Practical effect on “freedom to operate” type decisions
From a risk-management view, this patent is most relevant when a company is:
- developing or marketing a fixed-dose combination containing both amlodipine and atorvastatin in one unit dosage, and
- aiming the product at patients with both hypertension and hyperlipidemia (or risk of both), and
- using amlodipine salts and atorvastatin salts that can be argued to land within the claim scope.
What are the claim patterns that increase resilience against narrow attacks?
Even though the actives and formulation constraint narrow scope, the patent increases coverage resilience via redundant independent structures:
- Claim 1 is broad on the “combined condition” treatment.
- Claim 5 adds prescription/diagnosis framing (“diagnosed… and prescribed…”).
- Claim 9 adds a physician examination/diagnosis narrative and in-need for joint administration.
All retain the “single pharmaceutical composition” limitation and the same core actives. This reduces the likelihood that a narrow factual framing defense completely neutralizes the claim set.
What is the practical scope that an innovator would advertise?
To align with these claims, an asserted product would typically involve:
- a fixed-dose combination (single tablet/capsule)
- patient indication/labeling centered on both hypertension and hyperlipidemia
- co-administration in one dosage unit containing amlodipine and atorvastatin
Key takeaways for business decisions
- The patent is a method-of-treatment claim centered on fixed-dose co-formulation: amlodipine + atorvastatin in one pharmaceutical composition for patients with combined hypertension and hyperlipidemia (or risk).
- The decisive infringement lever is the “single pharmaceutical composition” requirement.
- Salt selection matters: dependent claims lock in amlodipine besylate and atorvastatin hemicalcium, while independent claims cover broader salt genera.

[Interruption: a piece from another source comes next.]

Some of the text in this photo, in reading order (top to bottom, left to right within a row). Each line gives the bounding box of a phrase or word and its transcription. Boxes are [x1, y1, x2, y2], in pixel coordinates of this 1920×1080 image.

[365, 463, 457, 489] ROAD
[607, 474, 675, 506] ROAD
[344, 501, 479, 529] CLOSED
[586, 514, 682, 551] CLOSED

- Landscape relevance concentrates on competitors marketing a fixed-dose combination (not separate tablets taken concurrently) using the same two actives for the combined condition.
Key Takeaways
- US 6,455,574 claims joint treatment using amlodipine + atorvastatin in a single pharmaceutical composition for combined hypertension and hyperlipidemia.
- Single-composition co-formulation is the core scope limiter; dosing in separate products is the primary non-infringement design axis.

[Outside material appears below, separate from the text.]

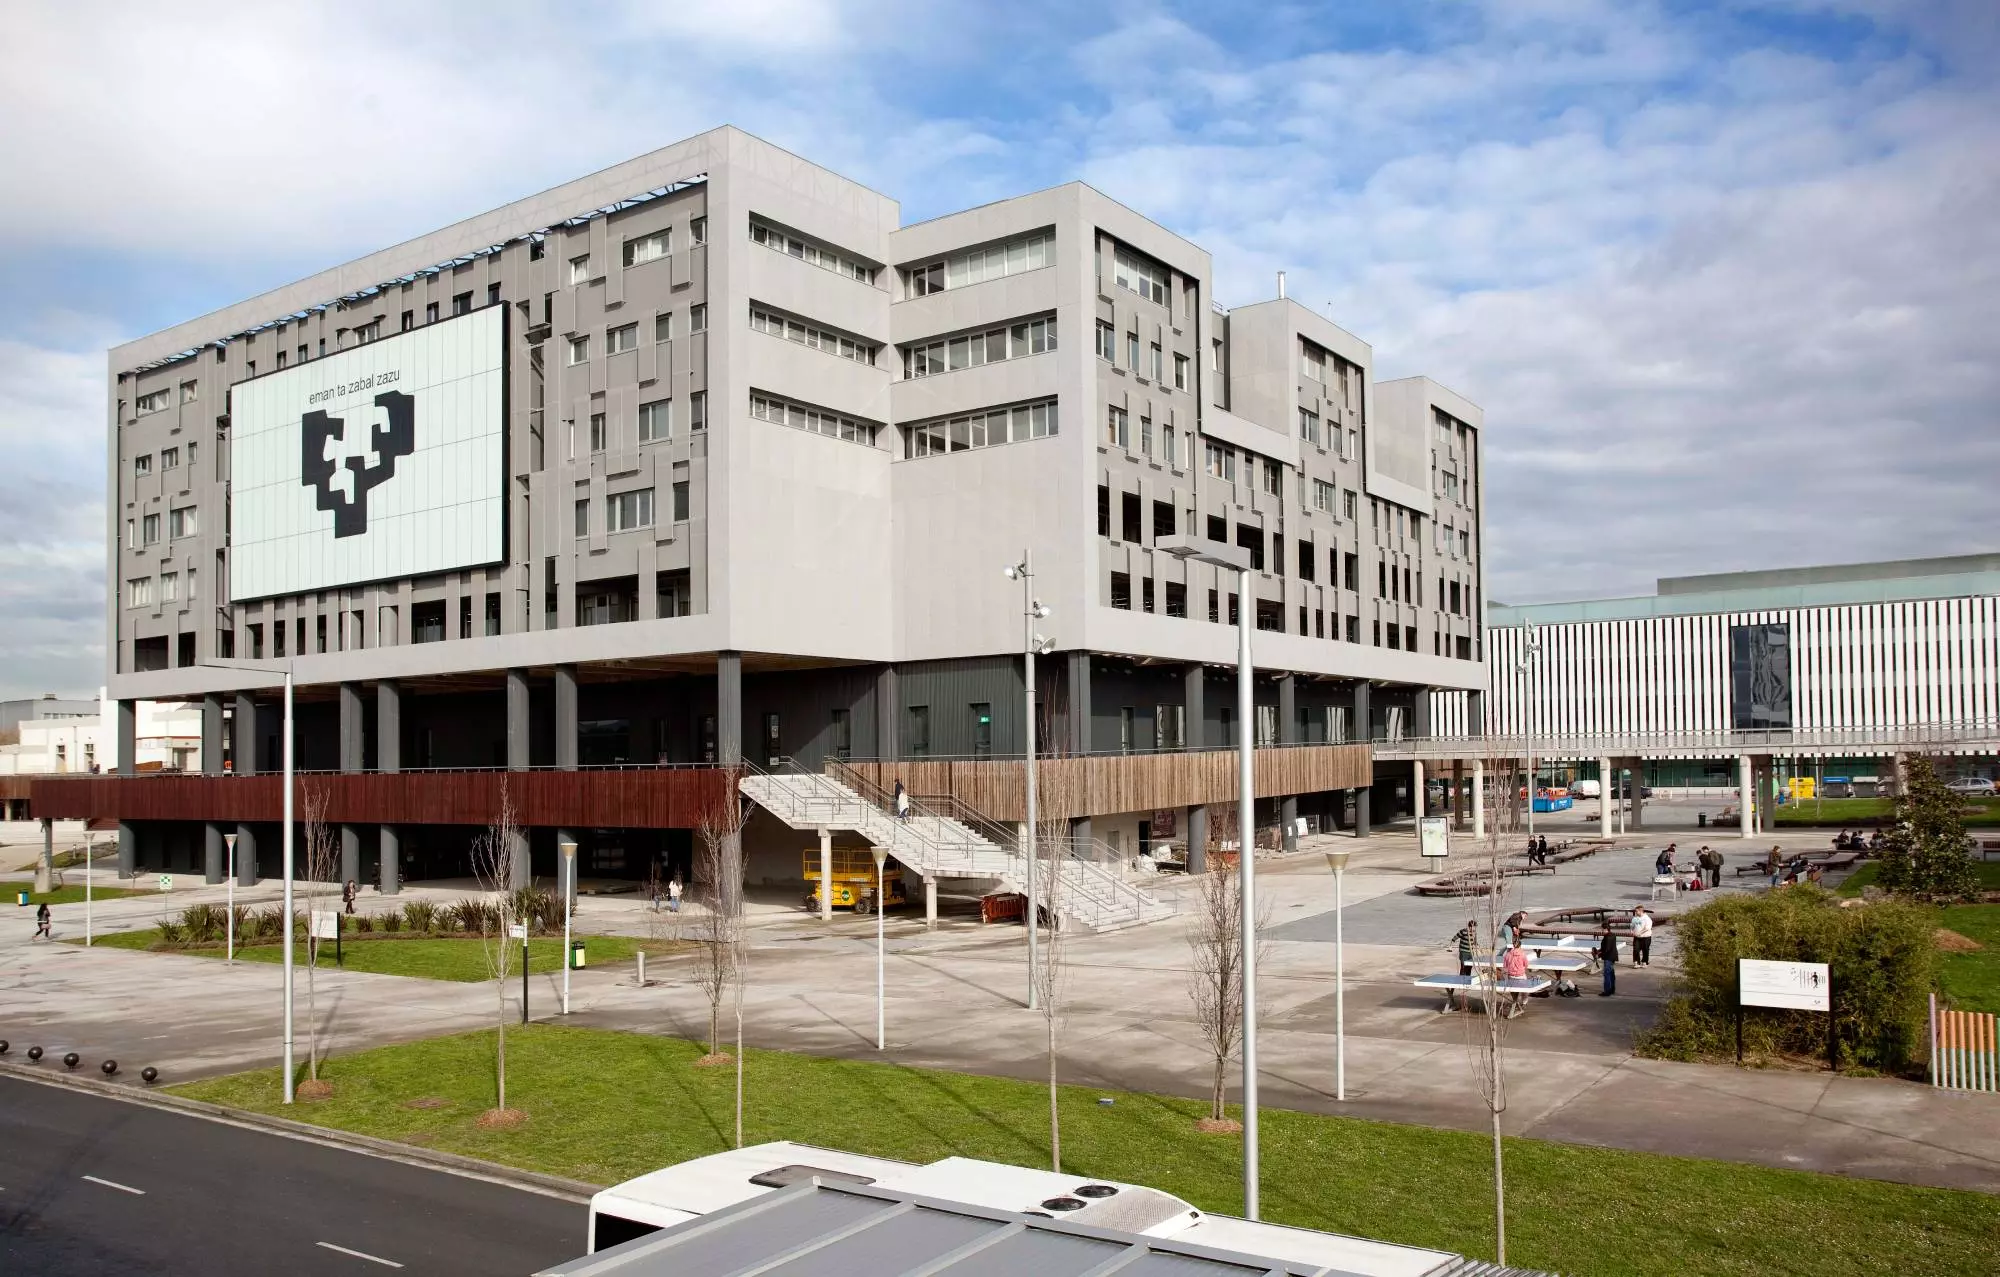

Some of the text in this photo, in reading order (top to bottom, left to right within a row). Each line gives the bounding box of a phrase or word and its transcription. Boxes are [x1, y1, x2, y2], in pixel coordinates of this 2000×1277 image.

- Dependent claims narrow to amlodipine besylate and atorvastatin hemicalcium, while independent claims cover broader salt genera.
- The claim set uses multiple method claim framings (diagnosed/prescribed; examined/diagnosed) without changing the actives and single-composition requirement.
FAQs
-
Does the patent claim a new drug compound?

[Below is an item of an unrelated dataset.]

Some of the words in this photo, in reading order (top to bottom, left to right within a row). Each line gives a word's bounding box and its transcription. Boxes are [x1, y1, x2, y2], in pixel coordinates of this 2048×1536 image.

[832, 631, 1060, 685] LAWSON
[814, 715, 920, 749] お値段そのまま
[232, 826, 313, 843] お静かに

No. It claims a method of treating with existing actives (amlodipine and atorvastatin) and a single-composition joint administration.
-
What is the hardest-to-avoid claim element?
The requirement that the actives are administered together in a single pharmaceutical composition.
-
Do dependent claims matter for product planning?
Yes. They specify amlodipine besylate and atorvastatin hemicalcium, narrowing target salt forms.
-
Can a competitor avoid infringement by prescribing both drugs separately?
The claims are written to require a single pharmaceutical composition, so separate dosage forms create a direct tension with literal claim scope.
-
Is “risk” of disease covered?
Yes. Claim 5 includes patients with risk of hypertension and hyperlipidemia who would benefit from combined therapy.
References
[1] United States Patent No. 6,455,574.